Goten dormía profundamente, en una de las habitaciones de la planta alta; Trunks trataba de arreglar la planta eléctrica de emergencia ayudado por una de las linternas. No podía dormir, estaba más que descansado, su energía regresaba poco a poco.

Ya había anochecido cuando logro que la planta eléctrica funcionara, por fin había luz eléctrica en la corporación. Iba a intentar componer un auto; pero decidió dar un recorrido por la casa, quizá hubiera algo en una habitación, una pista, lo que fuera que le diera indicio de lo sucedido. Recordó entonces que su madre siempre llevaba un diario de trabajo donde apuntaba sus nuevos proyectos y sus avances, talvez ahí hubiera algo, solo era cuestión de buscarlo

Dio con el diario en la habitación de sus padres, se hallaba sobre la cama, cerrado y limpio, como si nadie le hubiera tocado jamás.

Salio al balcón a leer, vio una ciudad en penumbras, su reloj marcaba las 144 horas, 4 minutos y 9 segundos.

-Ya han pasado 24 horas- exactamente a las 144 horas, 0 minutos, 0 segundos un rayo atravesó el cielo nocturno, poco tiempo después siguió el estrepitoso trueno, segundos después una lluvia torrencial que le obligo a entrar, se sentó en la cama abrió el diario…"Propiedad de Bulma Brief" acaricio el nombre de su madre, preguntándose donde estaba o si tan siquiera estaba bien. Cambio la hoja, el diario comenzaba un 15 de enero 2 años atrás, con un proyecto de una nave espacial con mayor resistencia y velocidad. Busco una fecha más reciente "Sábado 6 de marzo" era del año en curso, solo había varios dibujos de unos planos sobre una nueva memoria para PC, paso a la fecha 14 de marzo, ahí su madre había escrito una serie de cifras bajo las siglas "HWC" el total ascendía a 3, 235, 000 zenin

-HWC…-no, las iniciales no le eran familiares, cambio la hoja hacia el 17 de marzo, hallo planos y planos de decenas de proyectos; era evidente que aquel día había estado ocupada o refugiándose en su trabajo de algún problema, como solía hacerlo cuando se peleaba con su padre.

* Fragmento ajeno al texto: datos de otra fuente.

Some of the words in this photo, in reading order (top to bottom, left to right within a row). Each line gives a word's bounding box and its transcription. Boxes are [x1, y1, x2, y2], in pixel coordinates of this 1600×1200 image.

Había algo peculiar en la pagina fechada el 18 de abril, Bulma había escrito "En el templo de Kami-Sa…" y después ya no había más. Parecía que algo había llamado su atención o talvez le obligo a dejar de escribir. ¿Por qué lo había escrito? Su letra era casi ilegible, señal de que lo escribió apresuradamente, la ultima "A"estaba unida a una letra incompleta, presumiblemente una "M", eso quería decir que dejo de escribir abruptamente, talvez su familia estuviera refugiada ahí, en el templo de Kami- Sama o simplemente ahí se hallaban las respuestas que tanto ansiaba saber.

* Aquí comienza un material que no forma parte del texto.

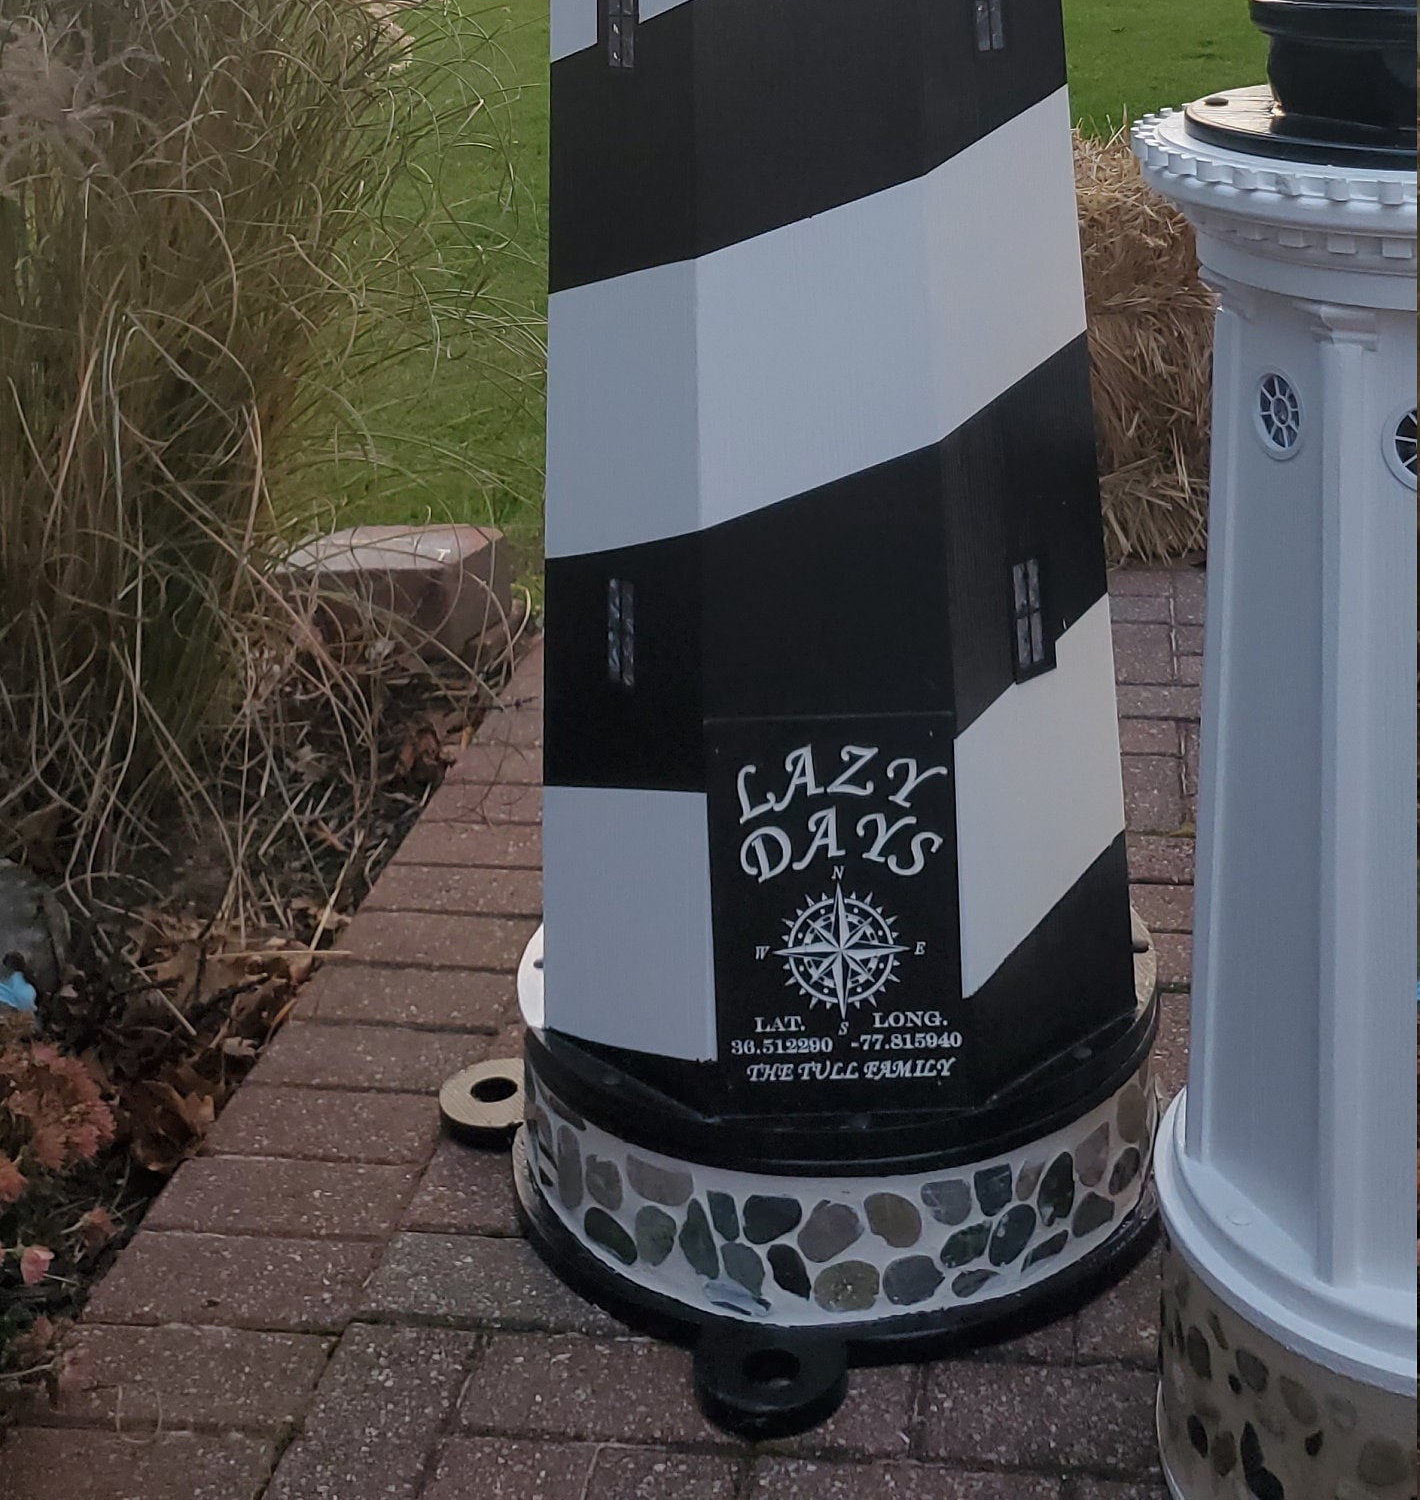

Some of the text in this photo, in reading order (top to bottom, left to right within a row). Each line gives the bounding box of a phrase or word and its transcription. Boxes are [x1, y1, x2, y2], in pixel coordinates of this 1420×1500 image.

[737, 744, 948, 825] LAZY
[740, 805, 943, 884] DAYS
[831, 865, 844, 880] N
[755, 946, 770, 960] W
[914, 941, 926, 956] E
[754, 1016, 806, 1033] LAT.
[838, 1020, 849, 1036] S
[872, 1011, 948, 1029] LONG.
[731, 1038, 833, 1055] 36.512290
[850, 1031, 963, 1051] -77.815940
[746, 1056, 956, 1082] THE TULL FAMILY

Ya eran las 2 de la mañana, su reloj marcaba las 142 horas, 23 minutos, 16 segundos, trato de quitárselo; mas cada intento era inútil. Busco en al diario algo sobre ese reloj; quizás su madre se lo había puesto pensando que él entendería la razón, algo que no estaba haciendo. Hojeo las paginas; pero nada de lo ahí escrito hacia referencia a ese reloj.

Comenzó a sentir sueño, se dirigió a su habitación llevando el diario de su madre consigo. Se acostó en su cama mirando las gotas de lluvia estrellarse contra su ventana mientras el ruido adormecedor del torrencial aguacero lo dejo profundamente dormido.

Eran las 135 horas, 48 minutos, 12 segundos y aun seguía lloviendo cuando Trunks despertó, se percato de que había dormido con el diario de su madre al lado suyo, la extrañaba, a ella, a Bra, a su padre, quería estar soñando y que todo fuera como antes.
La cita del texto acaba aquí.